As we come out of the pandemic and look toward the future, there are many things that will impact the 2022 car market. It’s the Wild West of retail out there, and things are changing fast.
Here to discuss those factors with us is our panel of experts, which includes Zak Sabbagh, a former car retailer with 15 years of experience, Steve Spillane an F&I specialist with more than a decade of experience, Daniel Boller the CEO of Leasly and Derek Walker, an award-winning Sales and Operations Leader with 25 years under his belt.
The Real Winner of the Car Market Bubble
Car prices aren’t going back down anytime soon- in fact, they are predicted to continue to rise for the next few years. This is due to a variety of reasons including inflation, supply and demand disruptions, and a global semiconductor shortage.
“There is no car market bubble,” says Derek Walker. “Consumers will hold out as rates increase more and more. We’re not going to see any correction for at least two years but instead, we will see a decline in car sales if anything.”
Due to low supply and high demand, dealerships are marking up to a point where buyers are paying 40–50% premiums on new cars according to a KPMG report in 2021.
“The used car market is on fire as well,” Steve Spillane added. “There’s a real pent-up demand for cars that we haven’t seen in years. Despite high gas prices and high inflation, there are just too many people chasing too few cars.”
What does this mean for you?
It means that the real winner of this car market bubble is NOT the consumer, not yet at least.
The New Normal
The pain we’re feeling at the pump and in the highly inflated car markets is a result of what economists are calling the “new normal.”
It’s an admixture of broken supply chains, inflation, and other post-pandemic structural changes that are going to cause problems for the next few years.
But, the problems don’t end with supply and demand. Financing options are becoming expensive since the Federal Reserve has increased interest rates to combat inflation.
“What we’re seeing is the new normal,” says Daniel Boller who founded Leasly Financial after a decade of working in the industry. “I don’t see car prices softening ever; they don’t go backward. They only go up.”
The new normal in the car markets will be dealerships with lower supplies, made-to-order cars, and a whole lot of headaches for the American consumer.
According to Boller, we’ll also continue to see a push toward EV sales which comes with its own unique set of challenges.

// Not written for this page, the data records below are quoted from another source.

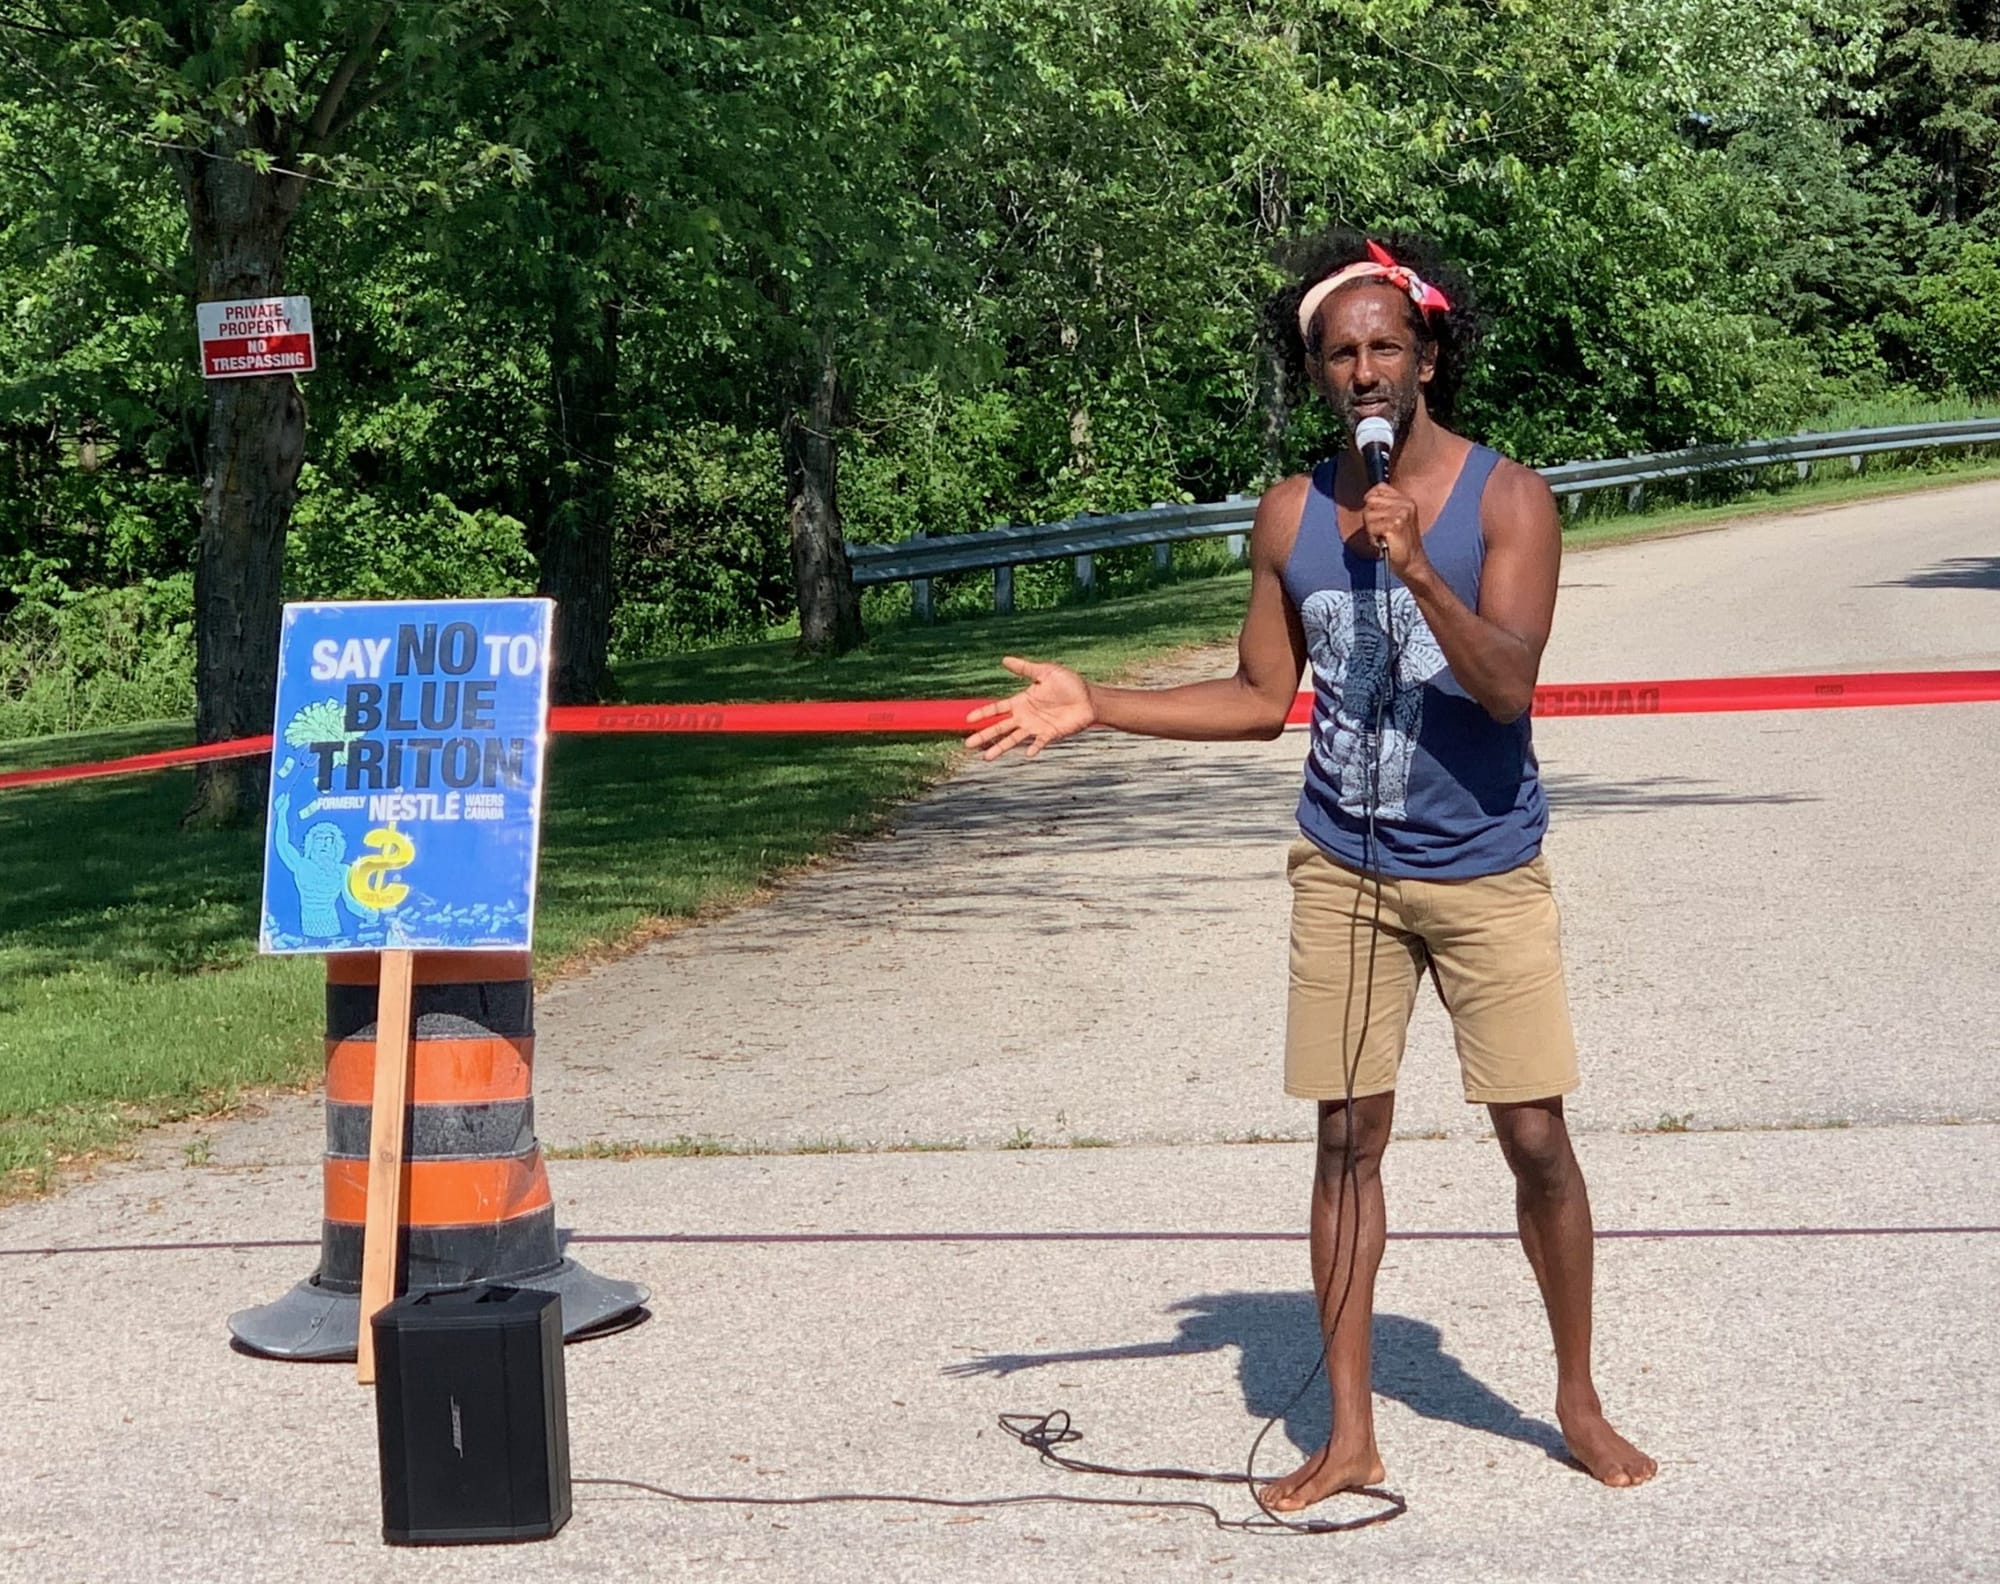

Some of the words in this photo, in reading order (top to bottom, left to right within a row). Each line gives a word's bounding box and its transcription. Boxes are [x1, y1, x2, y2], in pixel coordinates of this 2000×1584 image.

[226, 304, 282, 319] PRIVATE
[219, 319, 291, 336] PROPERTY
[248, 340, 267, 353] NO
[212, 352, 304, 371] TRESPASSING
[310, 637, 391, 680] SAY
[395, 621, 478, 677] NO
[483, 634, 538, 678] TO
[345, 681, 496, 731] BLUE
[310, 738, 524, 790] TRITON
[317, 795, 367, 811] FORMERLY
[464, 793, 505, 807] WATERS
[464, 807, 505, 820] CANADA
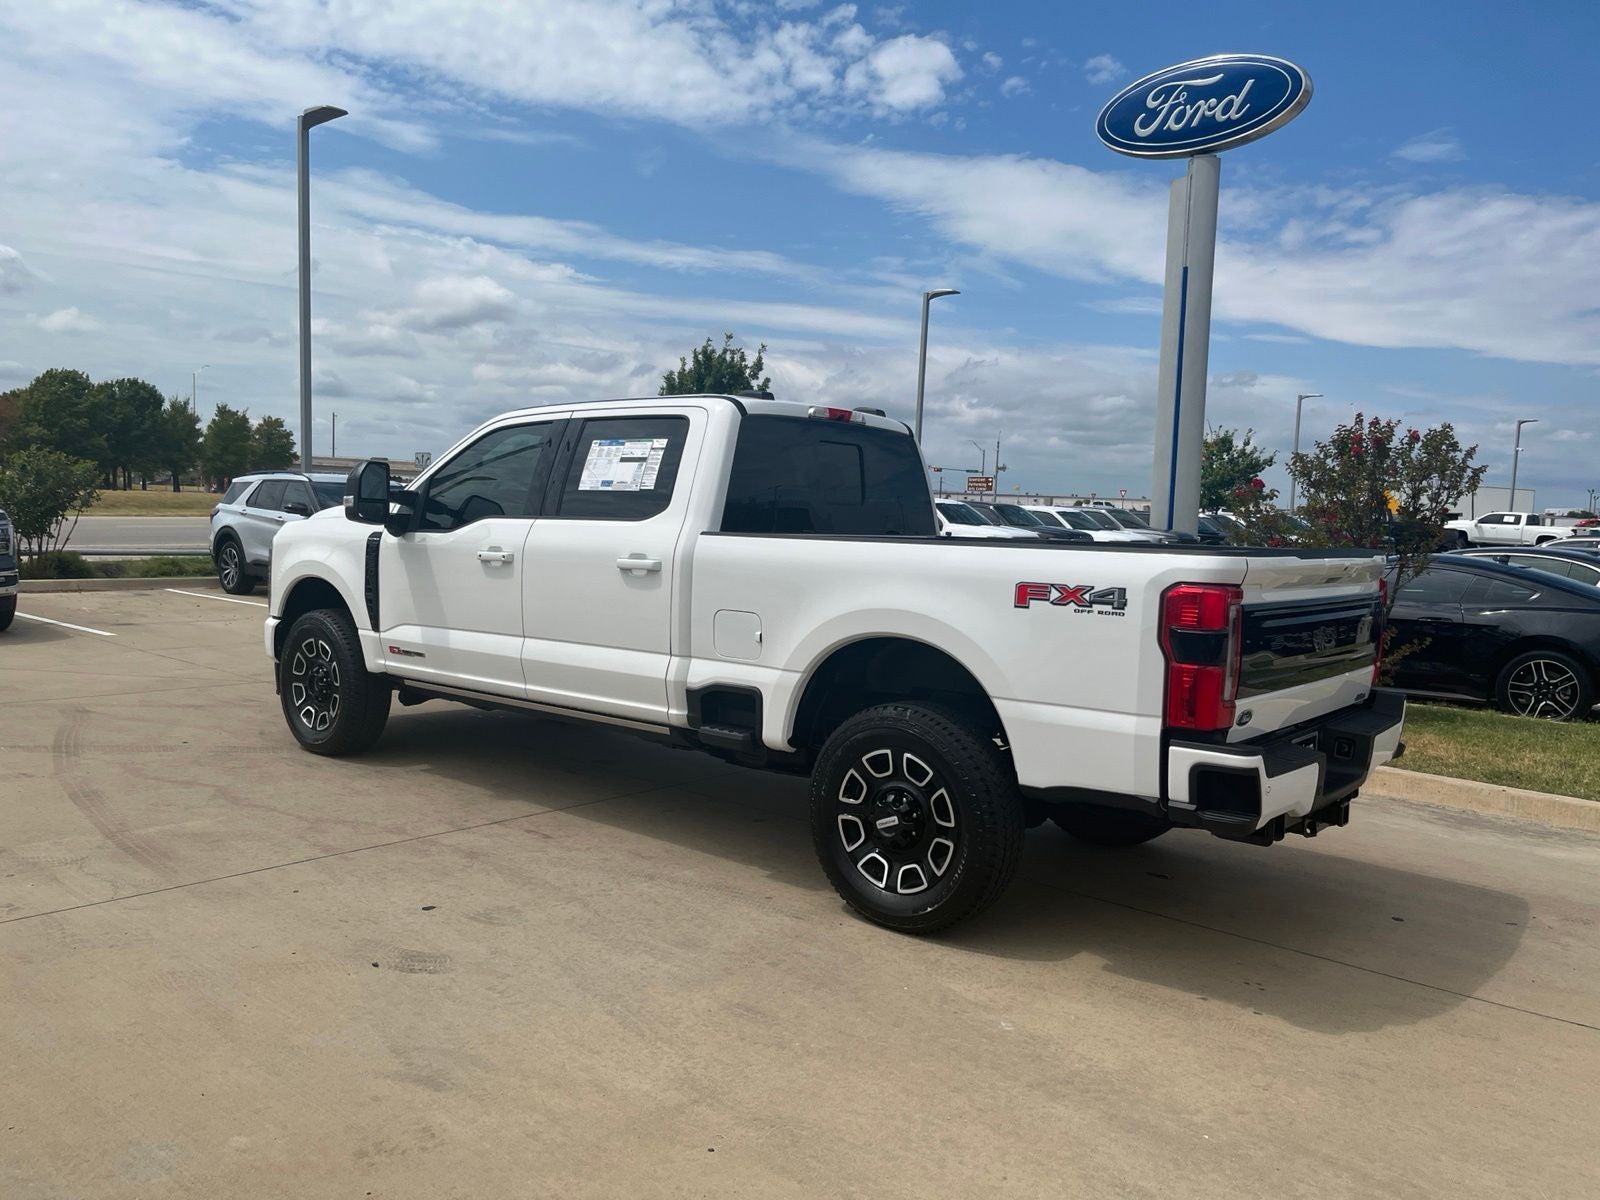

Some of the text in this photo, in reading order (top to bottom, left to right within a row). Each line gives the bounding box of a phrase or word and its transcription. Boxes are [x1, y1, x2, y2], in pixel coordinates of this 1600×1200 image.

[1133, 73, 1255, 138] Ford
[1014, 581, 1128, 610] FX4
[1097, 609, 1126, 617] ROAD
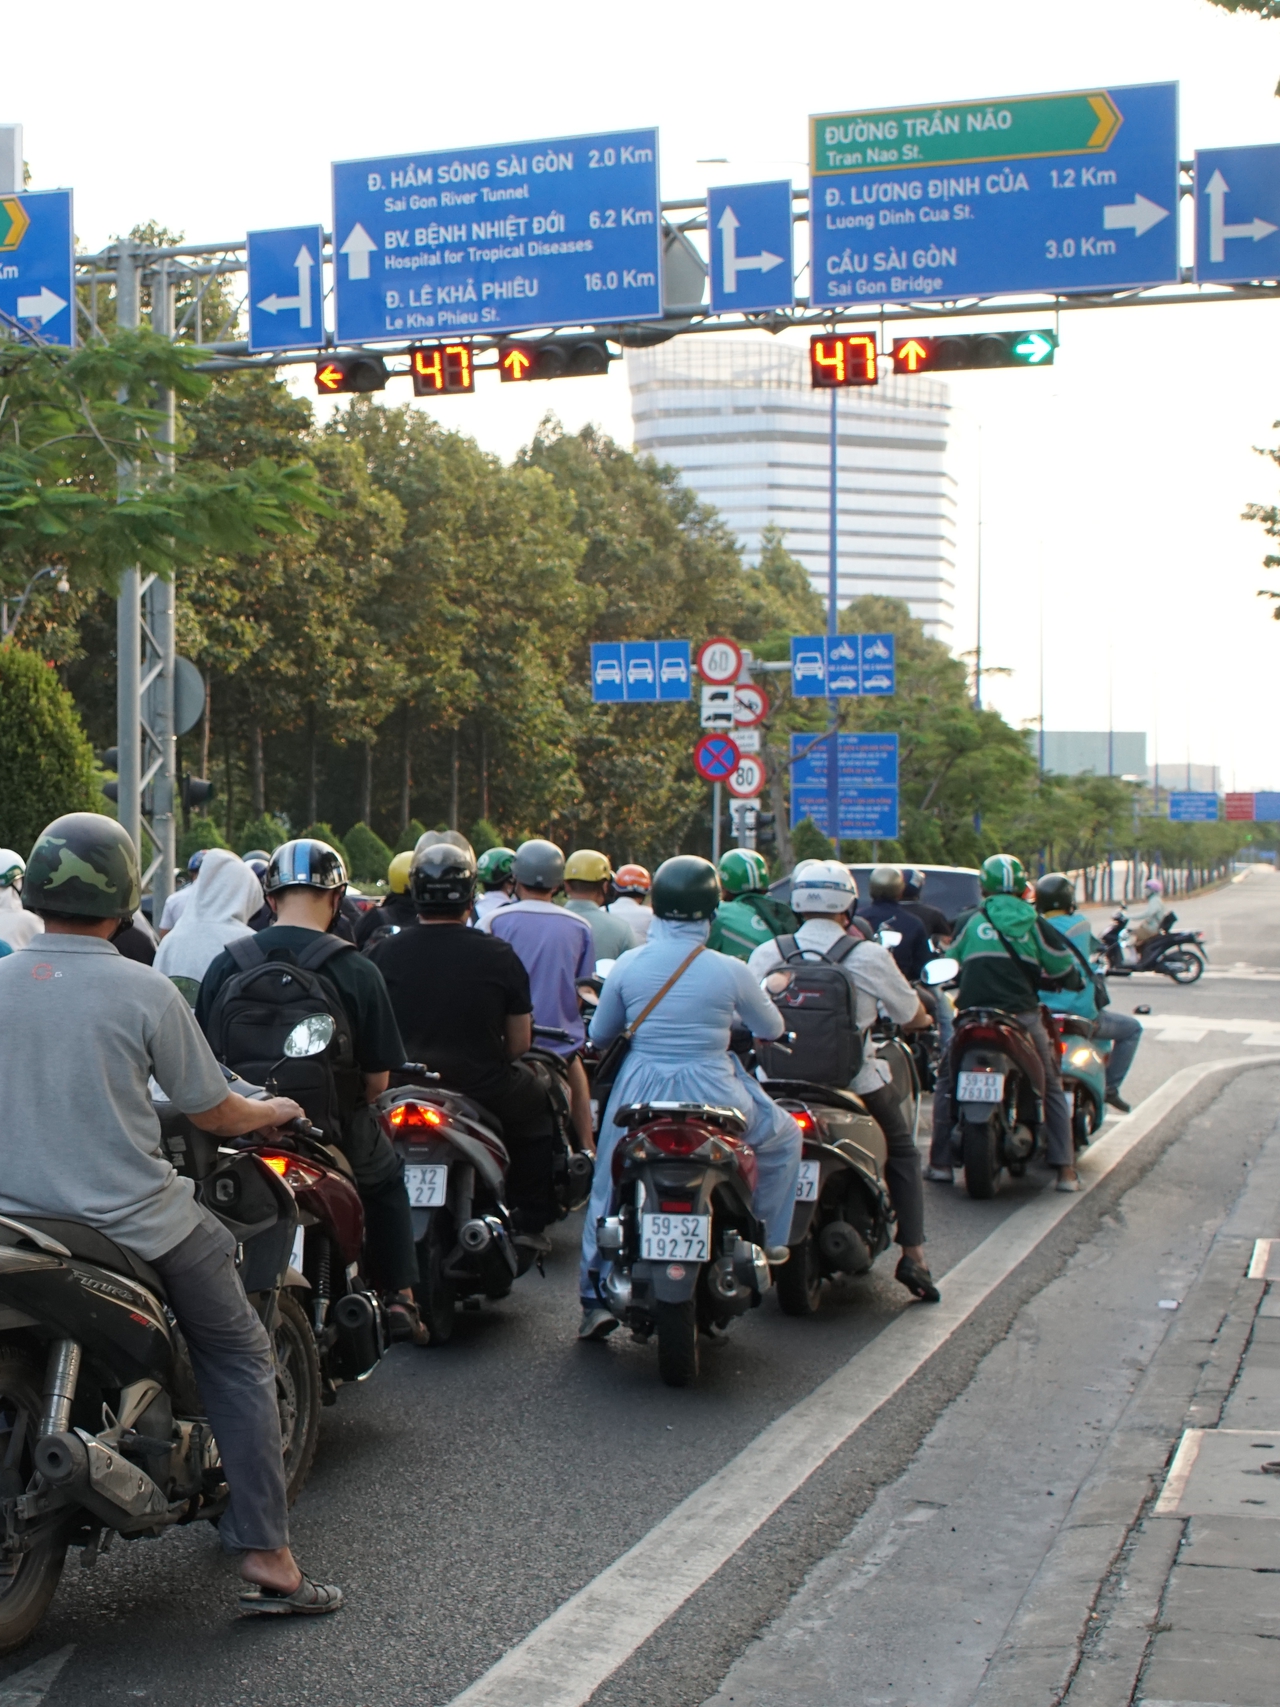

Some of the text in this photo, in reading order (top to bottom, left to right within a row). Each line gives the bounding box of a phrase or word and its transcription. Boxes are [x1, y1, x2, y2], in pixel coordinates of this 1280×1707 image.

[825, 110, 1012, 146] ĐƯỜNG TRẦN NÃO
[368, 147, 652, 192] Đ. HẦM SÔNG SÀI GÒN 2.0 Km
[826, 144, 923, 168] Tran Nao St.
[385, 184, 529, 213] Sai Gon River Tunnel
[826, 167, 1117, 208] Đ. LƯƠNG ĐỊNH CỦA 1.2 Km
[385, 208, 653, 250] BV. BỆNH NHIỆT ĐỚI 6.2 Km
[826, 203, 975, 231] Luong Dinh Cua St.
[385, 237, 593, 271] Hospital for Tropical Diseases
[826, 238, 1117, 276] CẦU SÀI GÒN 3.0 Km
[386, 270, 655, 309] Đ. LÊ KHẢ PHIÊU 16.0 Km
[827, 275, 943, 297] Sai Gon Bridge
[386, 307, 500, 330] Le Kha Phieu St.
[416, 347, 469, 389] 47
[815, 337, 874, 381] 47
[708, 650, 729, 672] 60
[735, 767, 754, 786] 80
[652, 1217, 699, 1237] 59-S2
[645, 1238, 705, 1259] 192.72
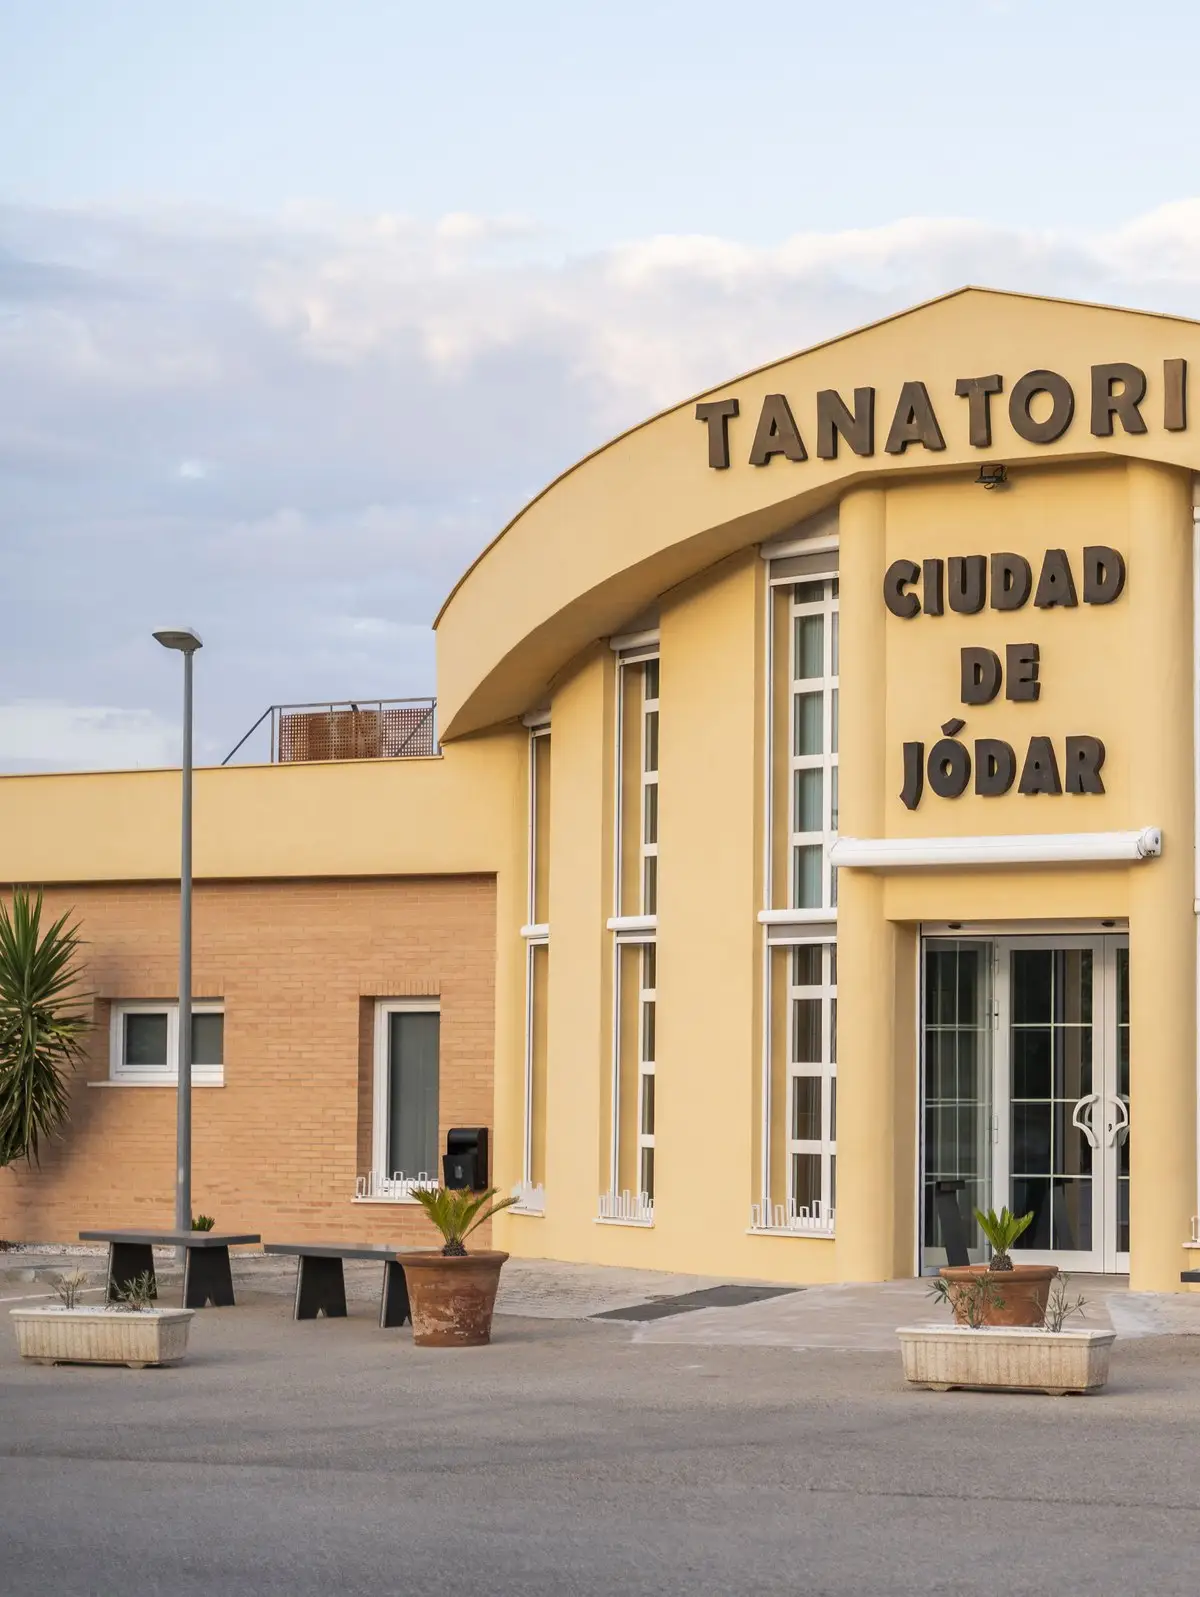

“It took Tesla 10 years to get to where they are now,” Boller says. “The other manufacturers are just now starting to get serious about it, and they’re years behind. Granted the legacy OEMs do have a competitive advantage in the EV markets, but that comes with its own set of issues like unsustainable demand for lithium and graphene, which are in short supply.”
The Road Ahead
What does the road ahead look like? It’s hard to say for certain, but for now, it does seem like the worst is already behind us.
“Compared to a few years ago when I used to pay $4,000 underneath MSRP, this ‘new normal’ will see an above-premium on cars for a long time,” Zak Sabbagh Chief Product Officer at Leasly said. “However, I do see a correction happening. These ridiculous corrections with $10,000 over MSRP will eventually come down over time and I can see that already in the used car markets.”
During the pandemic, the Federal Reserve printed more than 1/4 of the total supply of money EVER created. It gave consumers too much disposable liquidity while supply chains were still recovering, and now we’re seeing the effects of that with inflation.
All of this is sending us into an economic recession that will have long-lasting effects on the car market, and the economy as a whole. And even though those stimulus packages felt good for the middle-class consumer at the time, we’re now going to pay everything back due to inflated prices.
“We’ll likely see luxury car prices go down first as we head into this recession, but those mid-budget Japanese cars are going to stay expensive due to demand,” Sabbagh remarked. “Car dealers weren’t making much on individual car sales a few years ago, so this pandemic has become a perfect excuse to correct the car market and jack up prices while reducing overall supply.”
One more thing that Sabbagh noted is that the supply issue isn’t necessarily due to a car shortage, but a lack of parts.
“A car is built with thousands of different components and it’s so easy to have that one shortage hold production. It’s not even necessarily a chip shortage, it could be a shortage of all-wheel-drive power trains or some other tiny part that’s holding up production.”
So what’s the takeaway?
The main thing to remember is that this entire situation is fluid, and things can change rapidly. Be prepared for higher prices, and don’t be afraid to negotiate.
“The one thing that I would say is that the consumer needs to be prepared,” Steve Spillane said. “You might not be able to get the car that you want, when you want it, and for the price that you want. You might have to be a little bit flexible, and you might have to be prepared to walk away.”